Ayana keluar dari dapur sambil membawa makanan dan minuman untuk beberapa orang yang membantu Rian. Perabotan rumahnya yang masih Ayana gunakan, sengaja Ayana bawa ke rumah baru ini. Selain itu pakaian dan kebutuhan lainnya juga dipindahkan.
Ekspresi Ayana tampak takjub melihat barang-barang yang sudah hampir semuanya masuk ke dalam rumah. Sisanya tinggal meja kerja Rian dan peralatan lainnya yang memang tidak ditinggalkan begitu saja di rumah lama.
Tadinya Rian mau membeli yang baru saja, tetapi Ayana melarang. Masih banyak barang mereka yang layak digunakan. Sayang sekali jika itu cuma ditinggalkan saja.
"Itu mas-masnya diajak minum dulu, Yan," ucap Ayana yang sepertinya tidak dipedulikan oleh Rian.
Apabila sudah sibuk bekerja, Rian akan sangat fokus. Bahkan ucapan Ayana hanya dijadikan angin lalu. Laki-laki itu tidak akan berhenti sebelum pekerjaan itu selesai. Padahal Ayana lihat orang-orang yang membantu Rian sudah lelah. Sedangkan, Rian masih terlihat biasa saja. Mungkin ini efek karena Rian suka berolahraga di gym.
"Mas, saya udah bilang meja itu taruhnya jangan di situ. Ruangan itu khusus buat kamar bayi," ucap Rian yang terdengar kesal.
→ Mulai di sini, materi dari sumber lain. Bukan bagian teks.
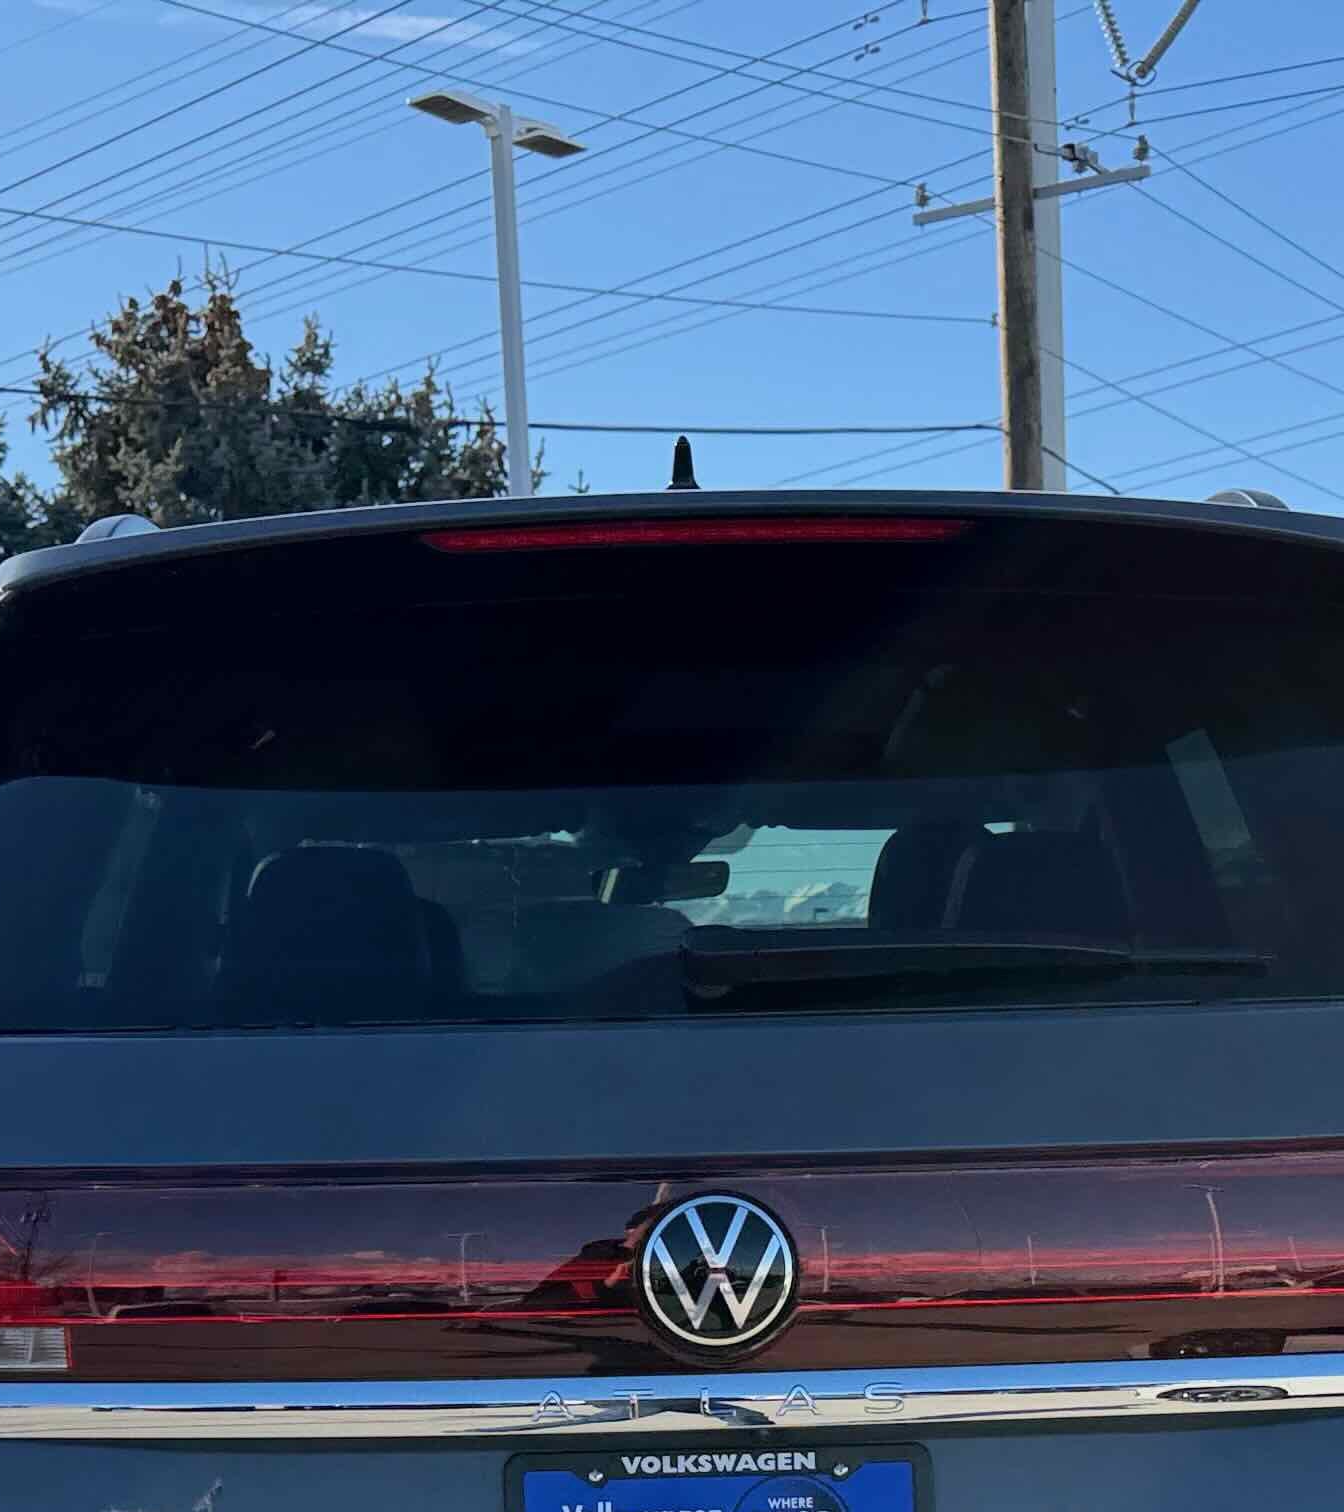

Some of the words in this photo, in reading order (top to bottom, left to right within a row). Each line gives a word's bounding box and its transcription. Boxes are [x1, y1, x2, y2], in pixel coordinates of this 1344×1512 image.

[650, 1203, 784, 1333] VW
[532, 1382, 905, 1421] ATLAS
[621, 1451, 816, 1474] VOLKSWAGEN
[767, 1496, 814, 1509] WHERE
"Aduh, maaf pak. Saya pindahkan dulu," jawab salah satu orang yang memang Rian pekerjakan jasanya untuk membantu pindahan.
Ayana menghela napas, melihat raut wajah Rian yang marah. Jujur saya, Ayana tidak suka Rian bersikap seperti itu. Telinga Ayana tidak enak mendengar Rian yang memarahi para pekerja. Mungkin mereka lupa dengan perintah Rian. Tidak seharusnya Rian menunjukkan rasa kesalnya, meski mereka semua memang sudah dibayar.
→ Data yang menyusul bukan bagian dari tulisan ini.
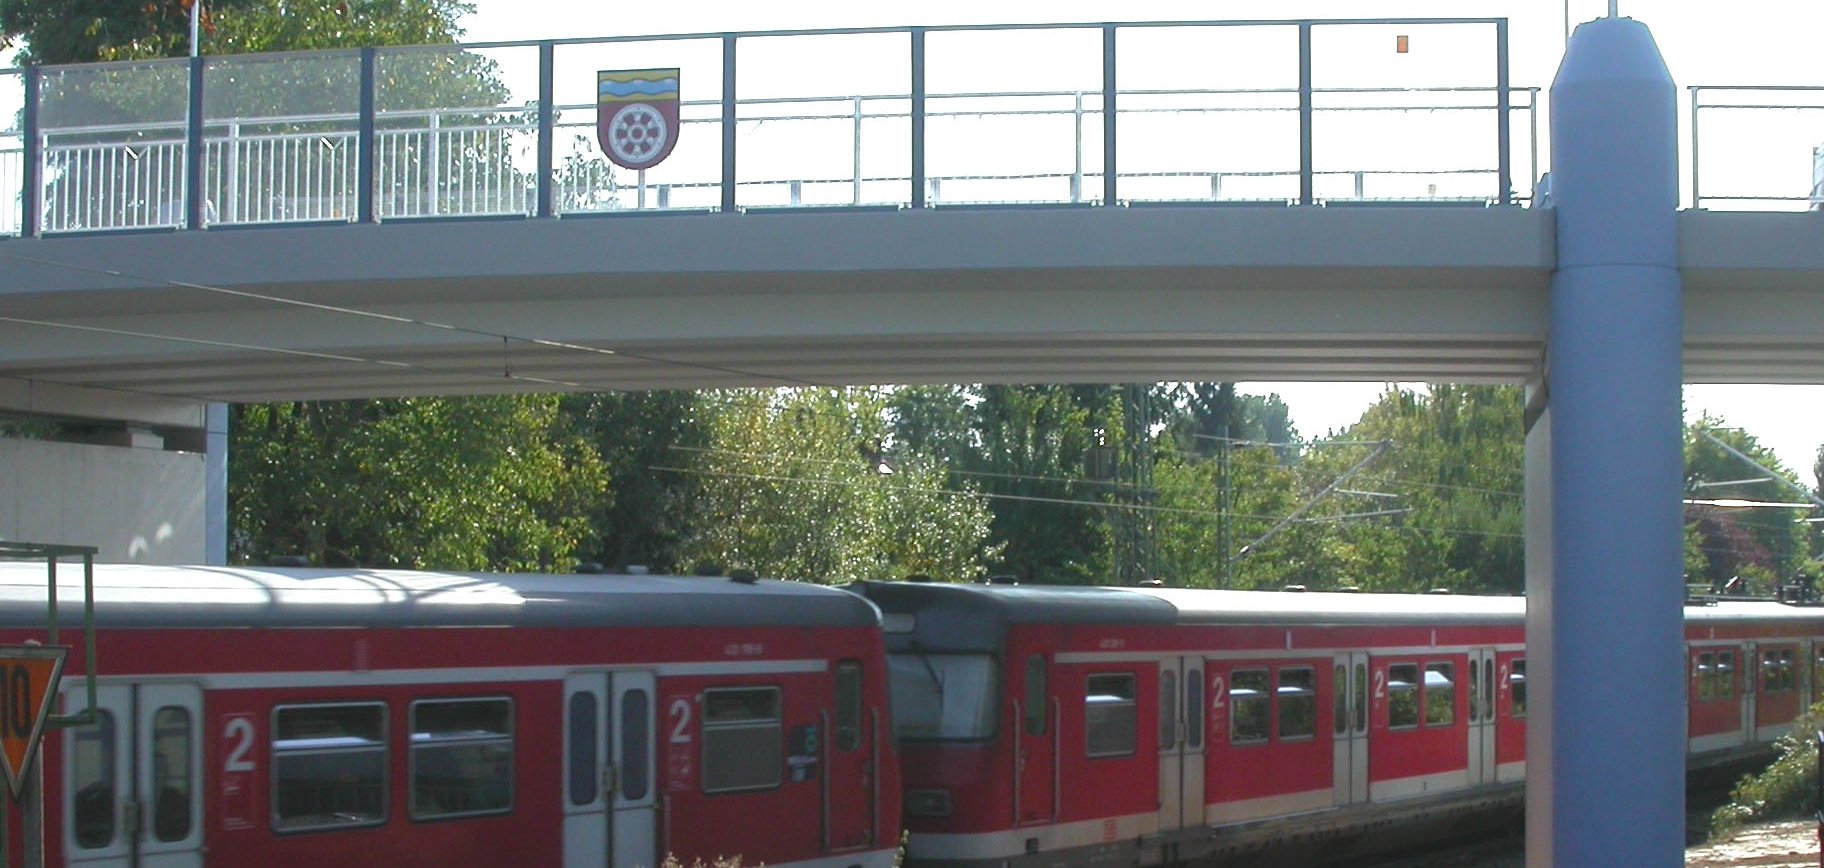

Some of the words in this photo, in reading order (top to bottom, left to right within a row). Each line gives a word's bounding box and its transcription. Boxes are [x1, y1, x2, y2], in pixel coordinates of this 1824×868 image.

[1213, 677, 1224, 708] 2
[1375, 671, 1385, 698] 2
[1500, 665, 1509, 689] 2
[671, 701, 691, 744] 2
[224, 718, 256, 772] 2
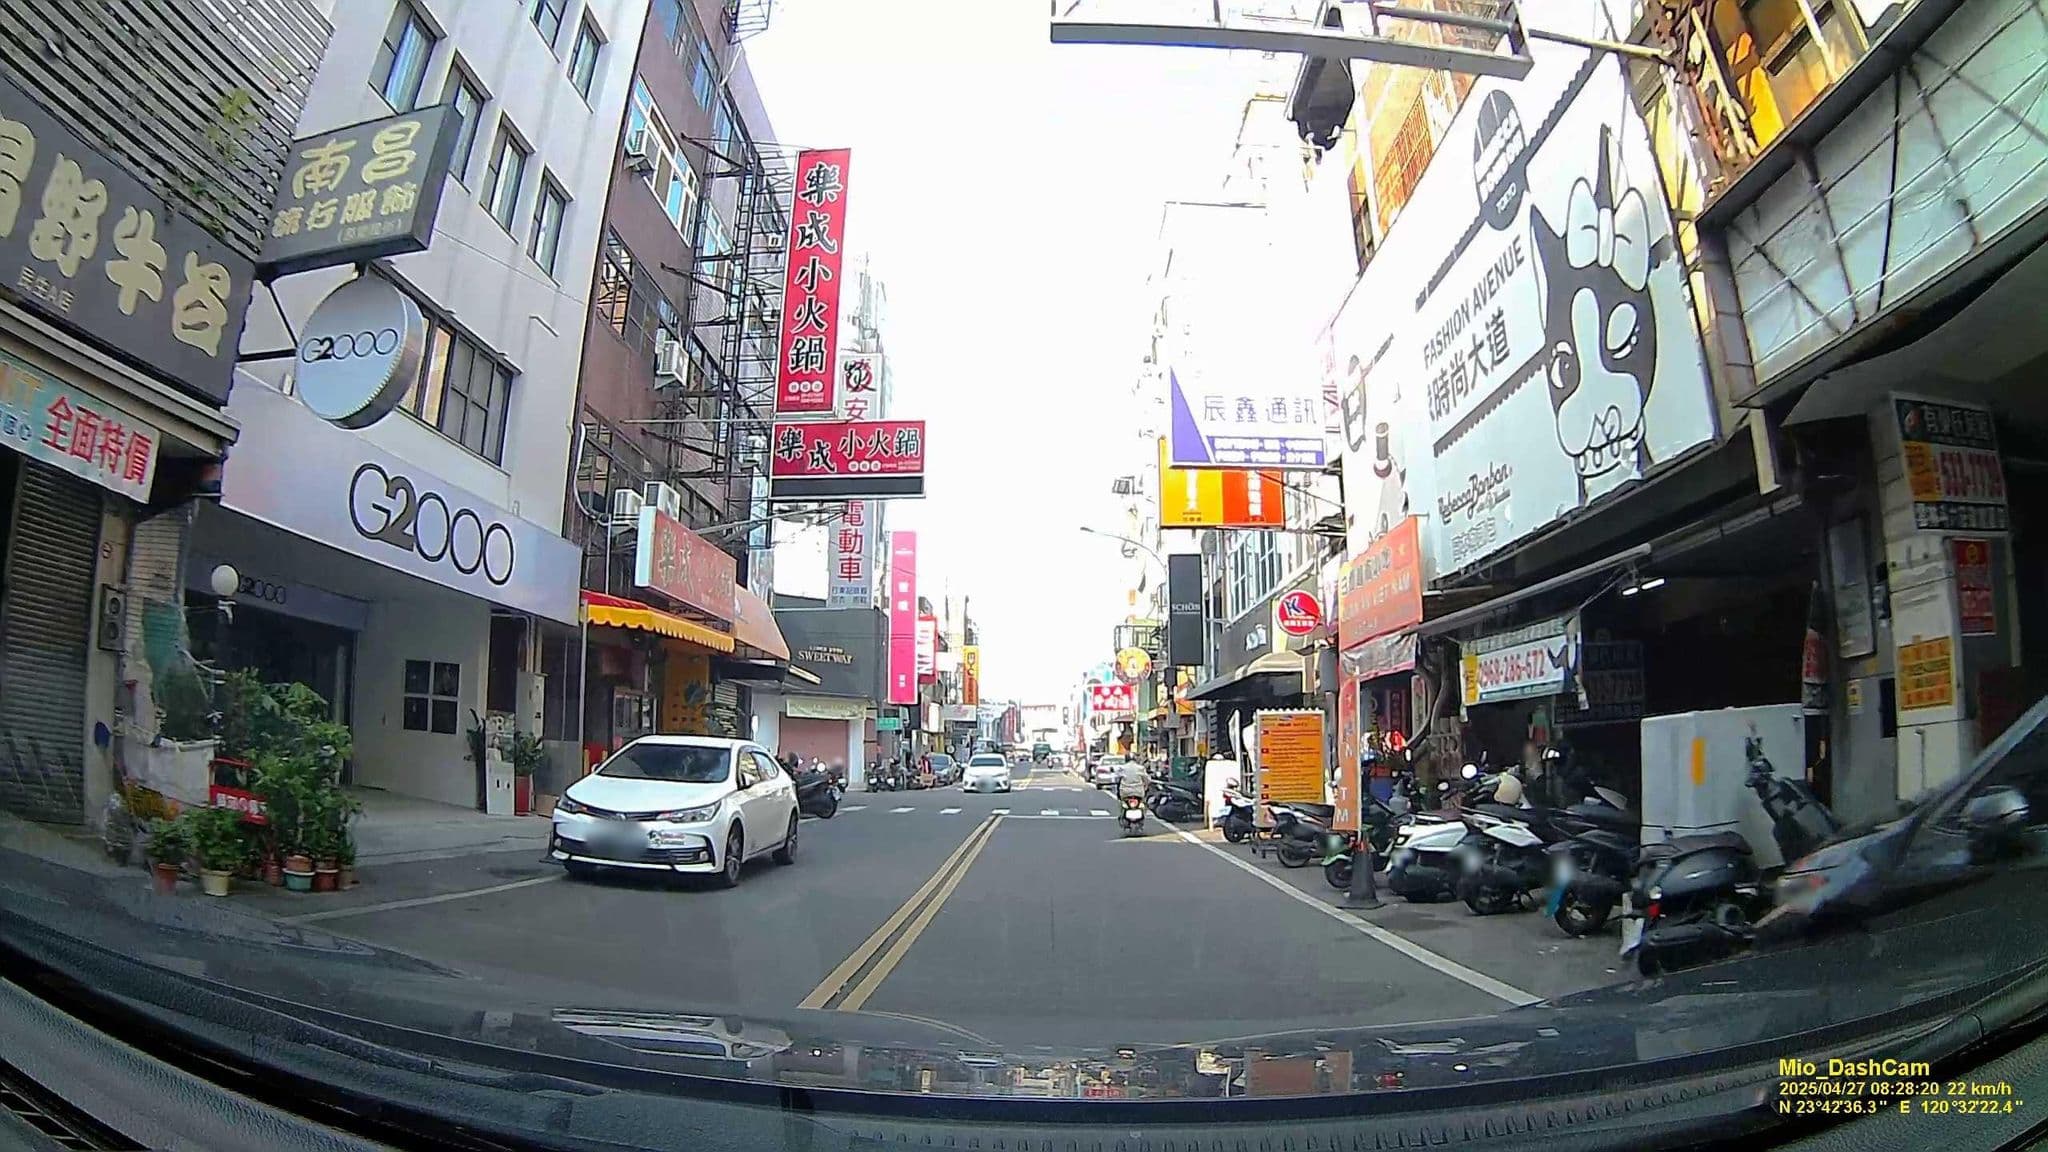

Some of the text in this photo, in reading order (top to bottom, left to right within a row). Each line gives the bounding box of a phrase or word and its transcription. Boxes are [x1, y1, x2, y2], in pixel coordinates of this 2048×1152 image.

[292, 120, 421, 200] 南昌
[788, 161, 843, 374] 樂成小火鍋
[1423, 297, 1471, 371] FASHION
[1473, 234, 1525, 317] AVENUE
[302, 328, 398, 363] G2000
[41, 396, 152, 485] 全面特價
[776, 427, 921, 473] 樂成小火鍋
[1204, 395, 1317, 424] 辰鑫通訊
[350, 463, 514, 586] G2000
[837, 500, 865, 582] 電動車
"Yan, enggak boleh kayak gitu. Kamu bisa kan ngomongnya, enggak usah pakai emosi. Kasihan loh mereka juga capek," Ayana mendekat ke arah Rian.
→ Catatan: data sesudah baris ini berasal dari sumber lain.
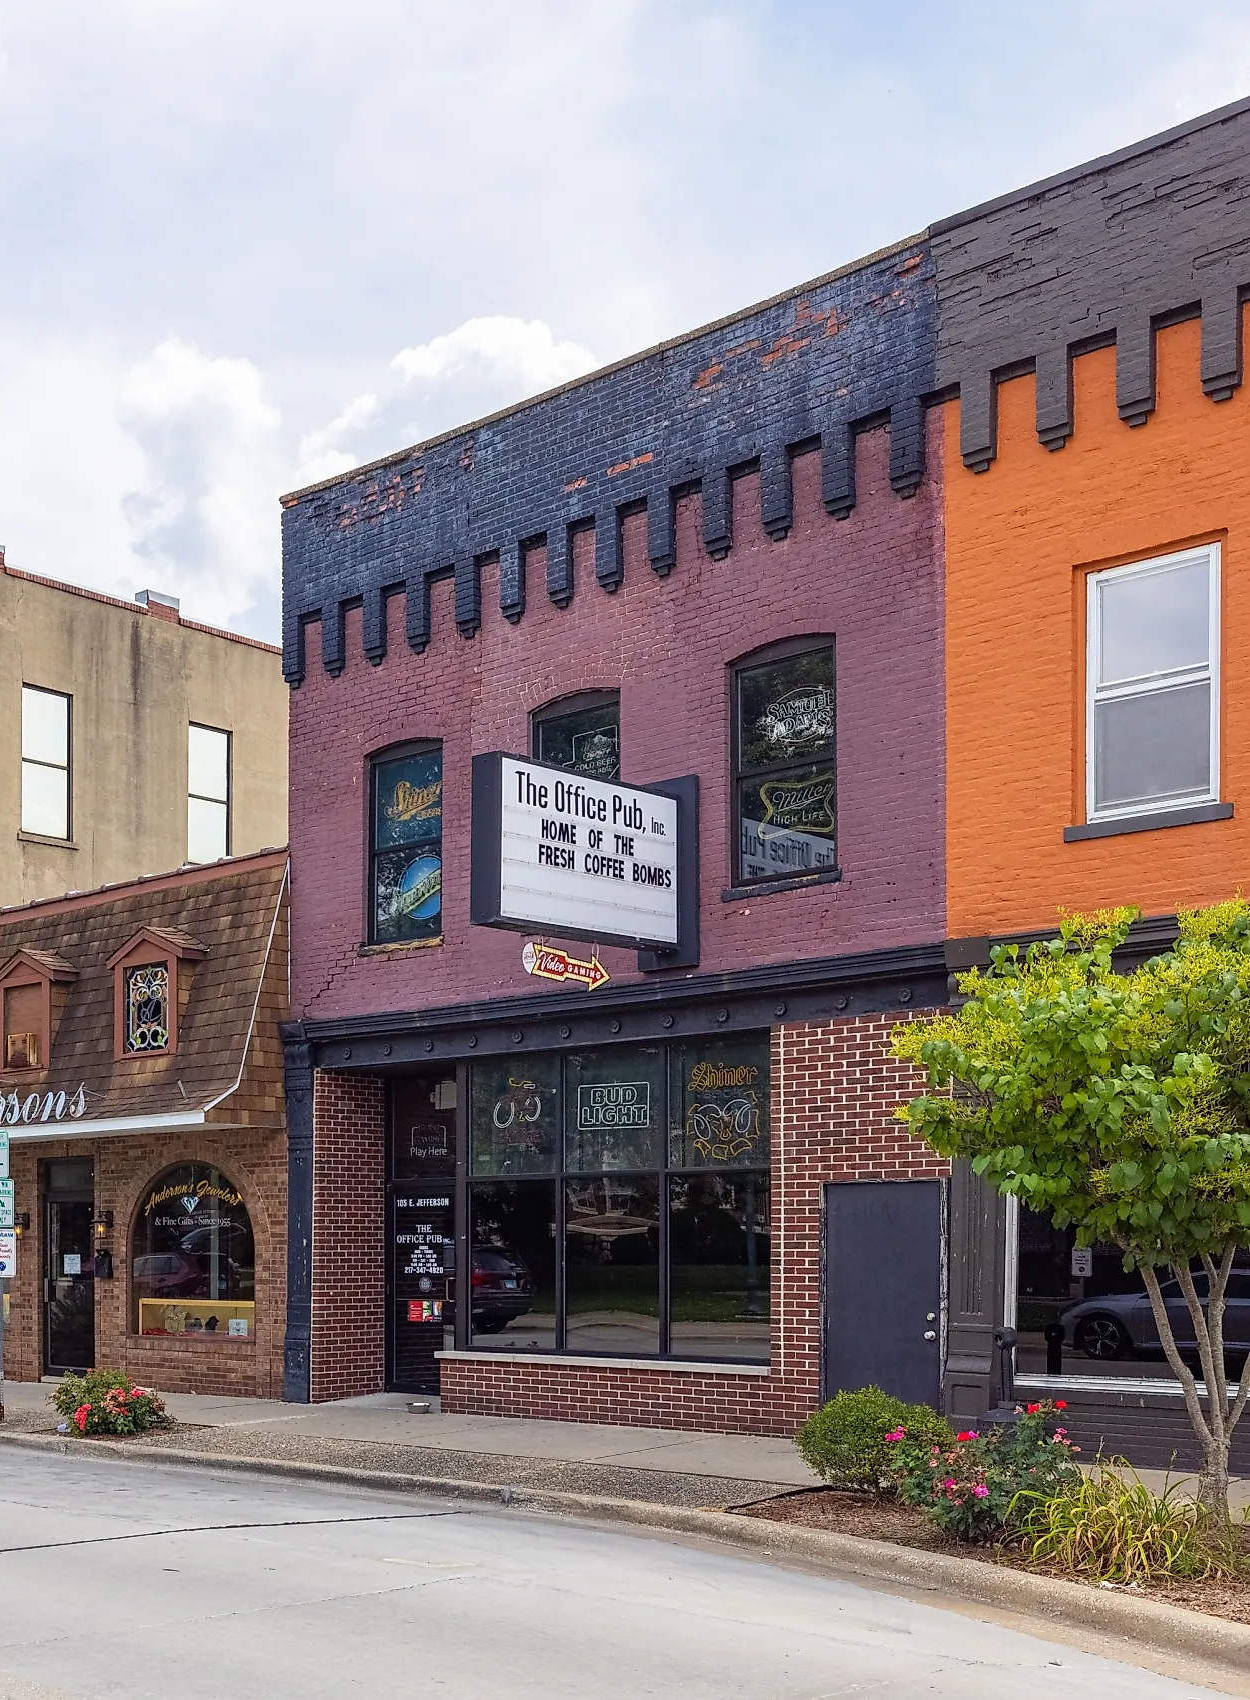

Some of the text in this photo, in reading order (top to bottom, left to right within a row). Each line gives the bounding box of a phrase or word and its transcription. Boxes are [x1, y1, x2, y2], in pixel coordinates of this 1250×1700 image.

Saat ini Rian sudah berhenti memindahkan barang. Sebenarnya, Rian tidak perlu membantu. Mengarahkan saja tentunya boleh, tetapi Rian tidak enak jika hanya melihat mereka semua bekerja sampai berkeringat.
Namun, ketika ada sesuatu yang tidak Rian sukai, laki-laki itu langsung marah. Ekspresi Rian sulit sekali untuk ditutupi. Ayana yang jadi tidak enak dengan orang-orang itu.
"Ya, habisnya aku udah kasih tahu dari tadi, Ay. Aku juga ikut mindahin, biar enggak salah penempatannya."
"Iya, aku tahu. Tapi, tetap enggak boleh kayak gitu sama orang. Tahan emosi kamu, Yan."
Ayana mengusap-ngusap lengan Rian, membuat suaminya berhenti mengomel. Memang Rian sangat sensitif sekali dengan ruangan bayi yang sudah Rian persiapkan. Padahal kandungan Ayana saja belum genap enam bulan. Tetapi, Rian sudah begitu antusias. Bahkan Ria memilih sendiri box bayi untuk ditaruh di dalam ruangan itu. Meski, masih terbungkus rapi, karena Rian takut barang-barang itu menjadi kotor.
"Aku kelepasan tadi, Ay. Soalnya ruangan itu udah aku tutup, malah dikasih meja. Debu dari mejanya masuk lagi ke dalam."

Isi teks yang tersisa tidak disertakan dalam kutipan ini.